Primário, fetais humanos derivado do cérebro, as células progenitoras multipotenciais proliferam<em> In vitro</em> Enquanto se mantém a capacidade de se diferenciar em neurónios e astrócitos. Este trabalho mostra que os progenitores neurais podem ser induzidas a diferenciar por estágios da linhagem oligodendrocytic por condicionamento com factores de crescimento seleccionados.
Diferenciação de progenitores neurais humanas em tipos de células neuronais e gliais oferece um modelo para estudar e compará-regulação molecular do desenvolvimento neural de células de linhagem. Expansão in vitro de células progenitoras neurais a partir de tecido fetal CNS tem sido bem caracterizado. Apesar de a identificação e isolamento de células progenitoras da glia do adulto assunto sub-cortical humano branco e desenvolvimento de várias condições de cultura de diferenciação directa de progenitores neurais fetais em oligodendrócitos de mielina que produzem, adquirindo suficientes oligodendrócitos humanos para experimentação in vitro continua a ser difícil. Diferenciação de galactocerebrósido + (GalC) e O4 + precursor oligodendrócitos ou células progenitoras (OPC) a partir de células precursoras neurais tem sido relatado o uso de segundo trimestre cérebro fetal. No entanto, estas células não proliferam na ausência de células de suporte, incluindo os astrócitos e neurónios, e são rapidamente perdidos ao longo do tempo na cultura. Permanece a necessidade para um sistema de cultura para a produção de células da linhagem de oligodendrócitos adequado para experimentação in vitro.

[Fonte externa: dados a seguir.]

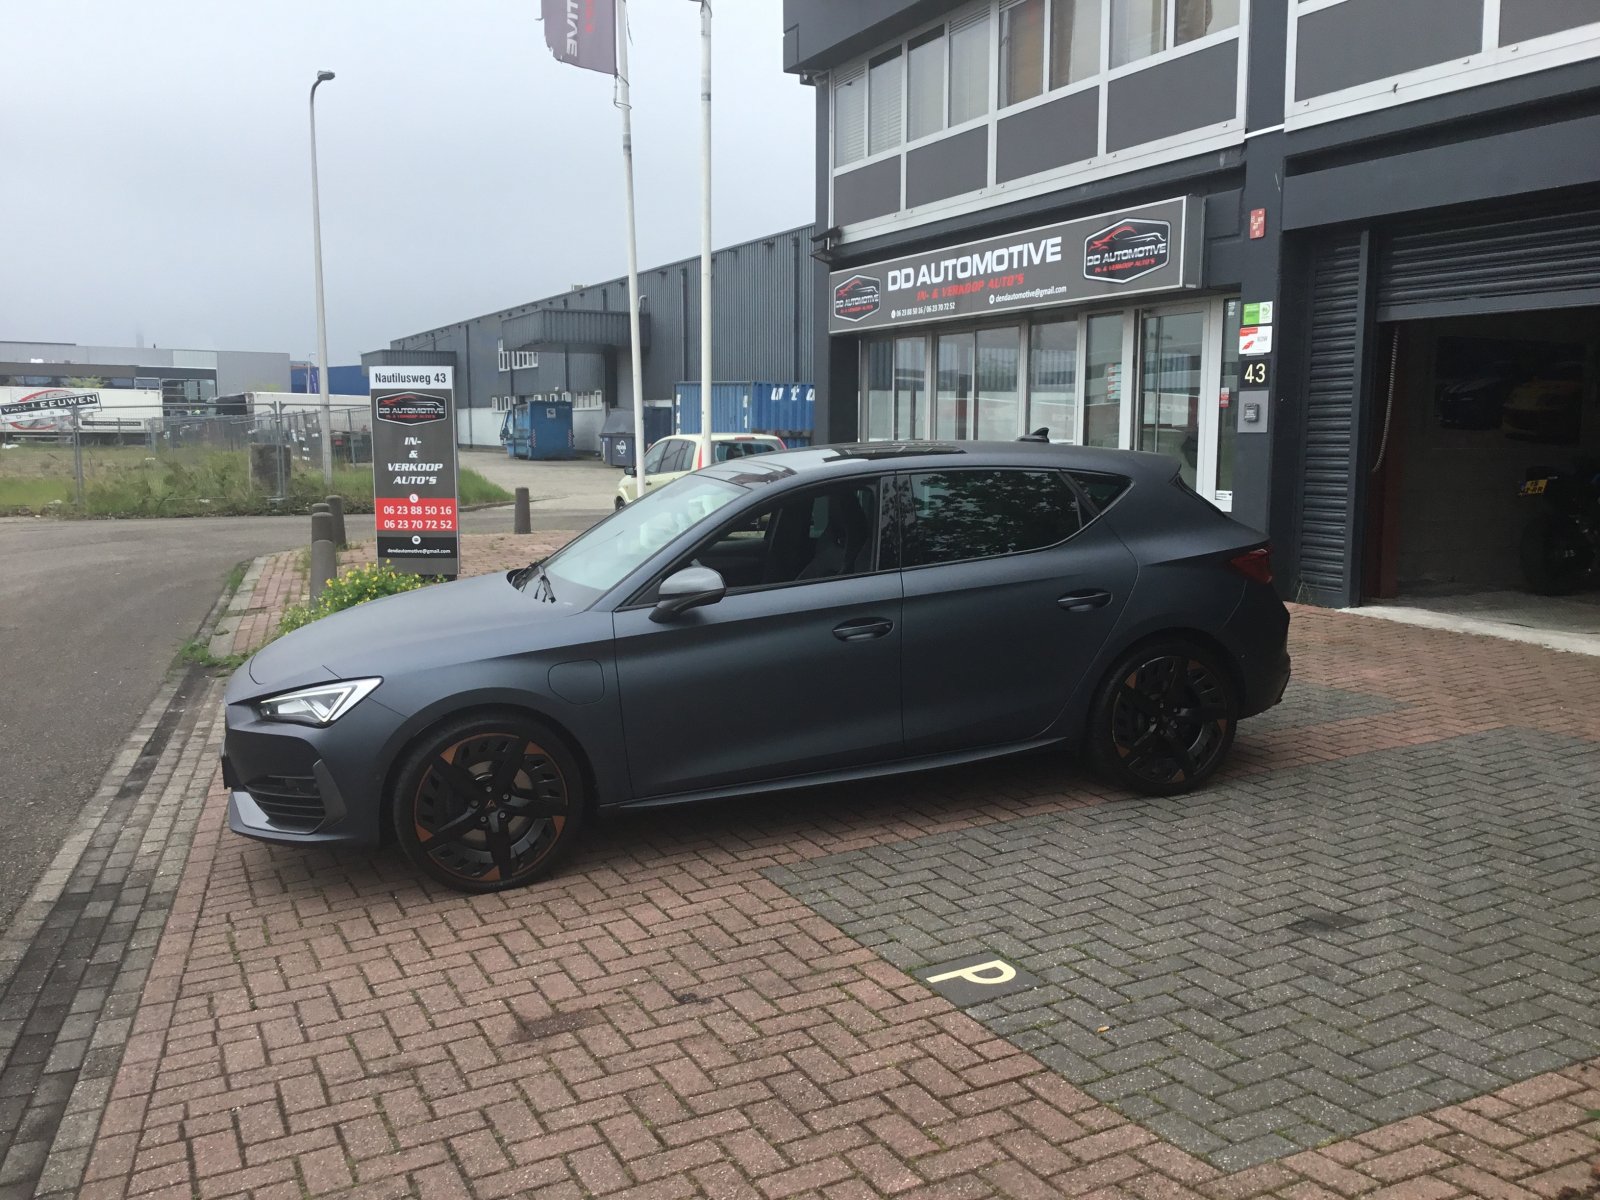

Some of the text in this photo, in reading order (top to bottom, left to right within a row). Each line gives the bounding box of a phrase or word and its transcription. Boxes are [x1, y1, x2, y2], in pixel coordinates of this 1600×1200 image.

[1087, 243, 1166, 266] DD AUTOMOTIVE
[888, 236, 1062, 291] DD AUTOMOTIVE
[942, 280, 985, 298] VERKOOP
[988, 273, 1024, 289] AUTO'S
[375, 372, 447, 385] Nautilusweg 43
[1244, 363, 1266, 384] 43
[404, 437, 422, 446] IN-
[409, 450, 418, 458] &
[388, 463, 443, 472] VERKOOP
[393, 476, 437, 484] AUTO'S
[383, 506, 452, 515] 06 23 88 50 16
[384, 520, 452, 529] 06 23 70 72 52
[926, 959, 1017, 985] P
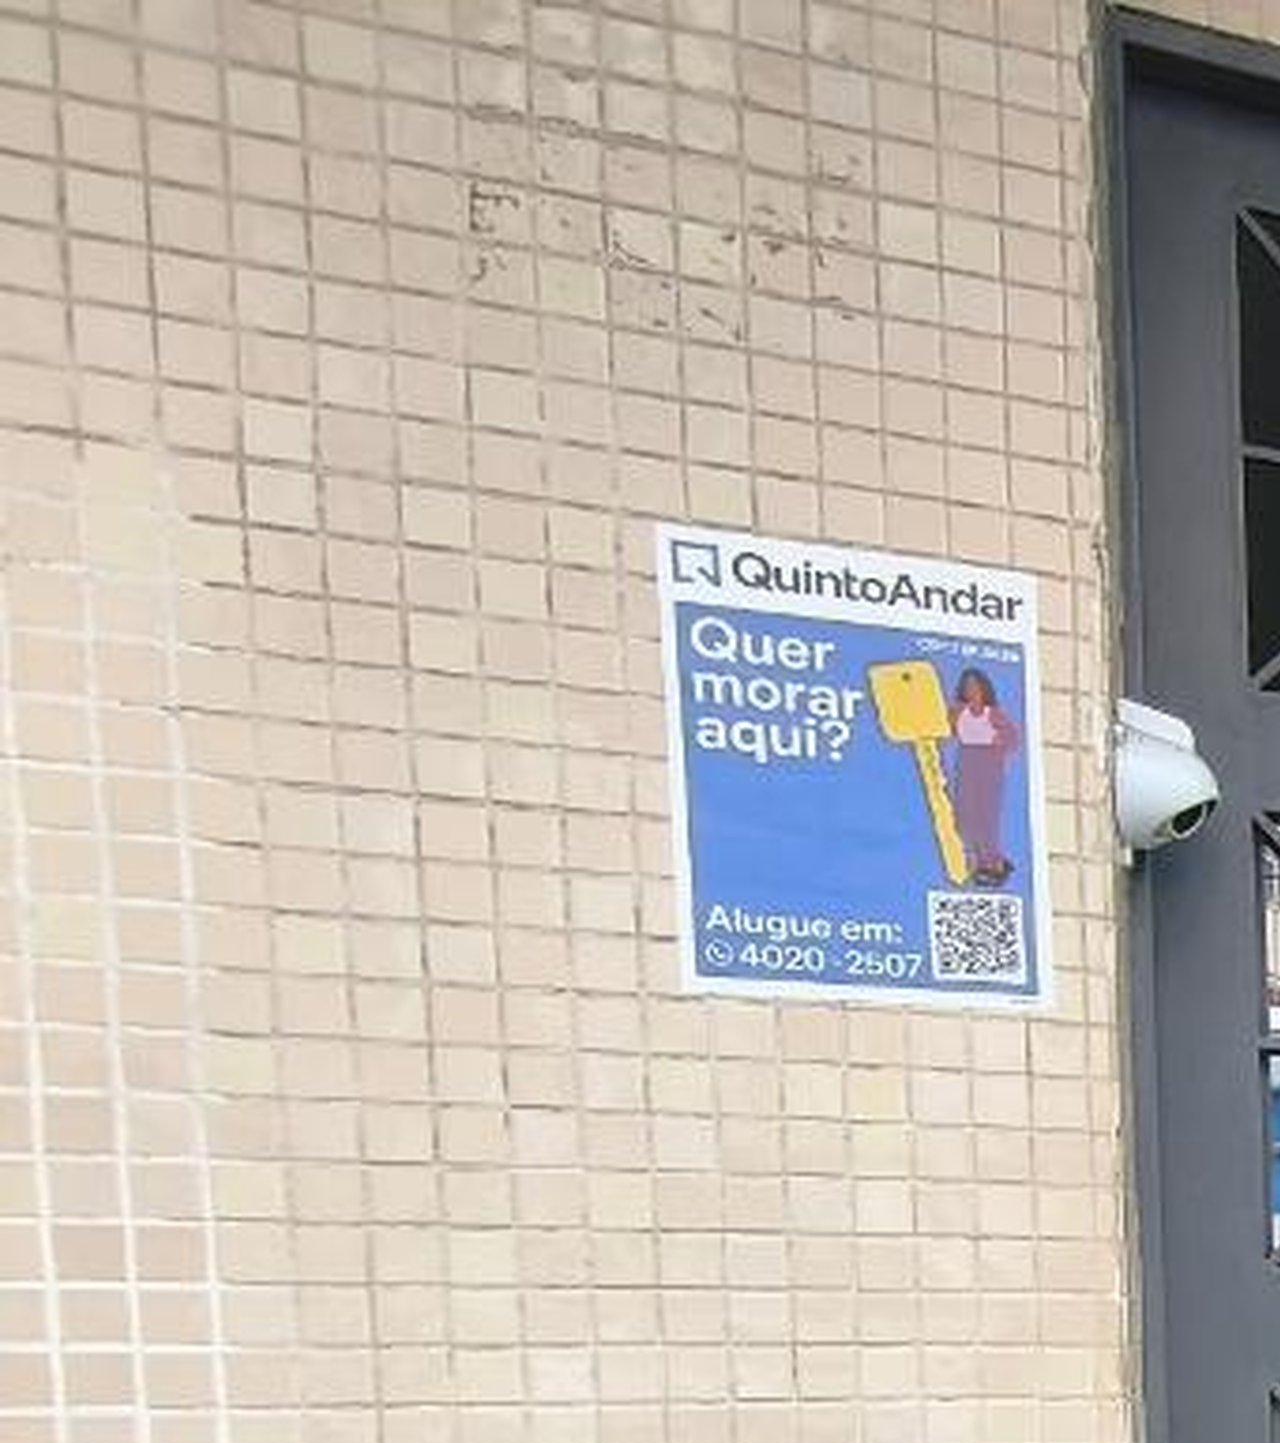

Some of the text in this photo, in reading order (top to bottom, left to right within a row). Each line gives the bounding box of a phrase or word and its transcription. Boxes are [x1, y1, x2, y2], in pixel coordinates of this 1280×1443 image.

[732, 552, 1023, 621] QuintoAndar
[690, 616, 834, 670] Quer
[693, 671, 863, 720] morar
[696, 715, 850, 763] aqui?
[705, 905, 903, 943] Alugue em:
[739, 943, 825, 972] 4020
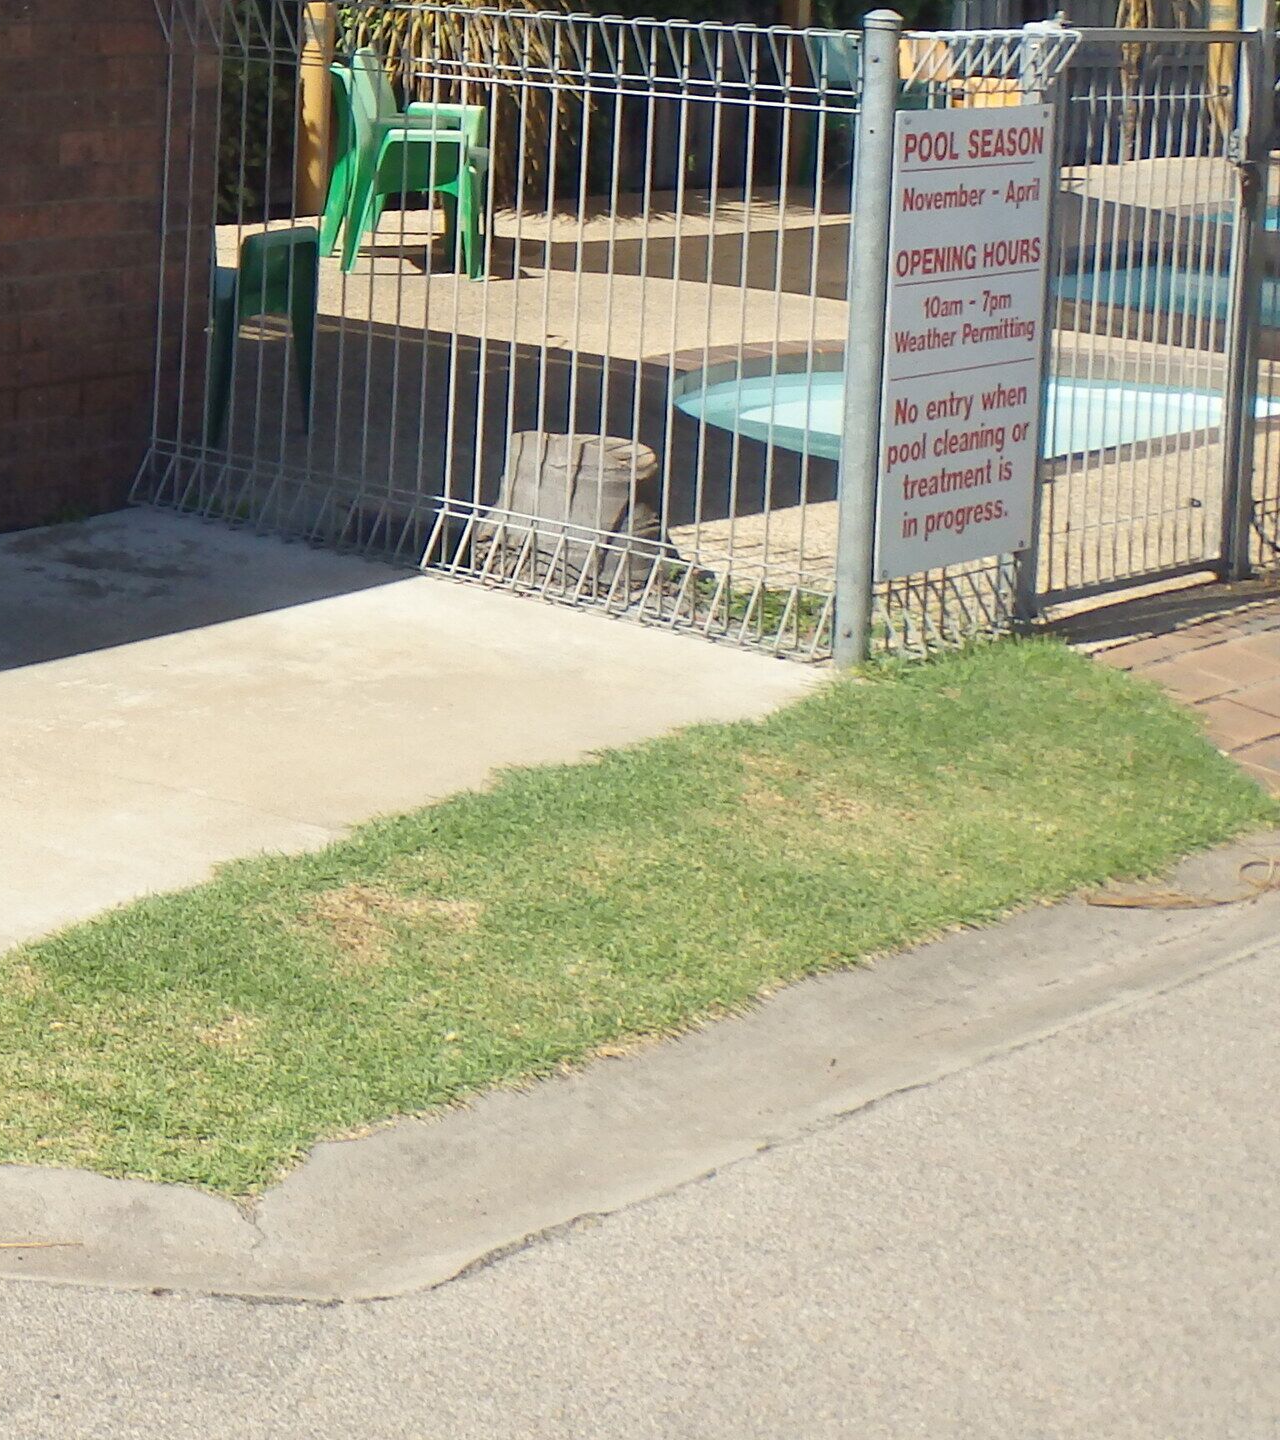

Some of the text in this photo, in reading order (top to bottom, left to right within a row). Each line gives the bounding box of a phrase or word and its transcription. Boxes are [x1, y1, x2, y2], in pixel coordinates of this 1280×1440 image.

Cultura de oligodendrócitos humanos primários poderiam, por exemplo, ser um modelo útil para estudar a patogénese da neurotrópicas agentes infecciosos, como o poliomavírus humanos, JCV, que in vivo infecta as células. Estas culturas de células podem também proporcionar modelos de outras doenças desmielinizantes do sistema nervoso central (SNC). Primária, fetal humano derivado do cérebro, as células progenitoras neurais multipotenciais proliferam in vitro, mantendo a capacidade de se diferenciar em neurônios (células progenitoras derivadas de neurônios, PDN) e astrócitos (células progenitoras derivadas de astrócitos, PDA) Este estudo mostra que progenitores neurais pode ser induzida para diferenciar através de muitos dos estágios de desenvolvimento da linhagem oligodendrocytic (progenitor derivados de oligodendrócitos, DOP). Nós, de cultura de células progenitoras neurais em meio isento de soro F12 de DMEM-supcomplementado com um factor de crescimento de fibroblastos básico (bFGF), factor de crescimento derivado de plaquetas (PDGF-AA), Sonic hedgehog (Shh), factor neurotrófico 3 (NT-3), N-2 e tri-iodotironina (T3). As células cultivadas são passadas a células 2.5e6 por frascos de 75 centímetros aproximadamente de sete em sete dias. Usando estas condições, a maioria das células na cultura de manter uma morfologia caracterizada por alguns processos e marcadores expressos do pré-oligodendrócitos células, tais como A2B5 e O-4. Quando se remover os factores de crescimento de quatro (GF) (bFGF, PDGF-AA, Shh, NT-3) e adicionar o meio condicionado a partir de PDN, as células começam a adquirir mais processos e os marcadores de diferenciação específicos expressos oligodendrócito, tais como GalC e mielina proteína básica (MBP). Foi realizada a caracterização fenotípica usando multicolor citometria de fluxo para identificar marcadores únicos de oligodendrócitos.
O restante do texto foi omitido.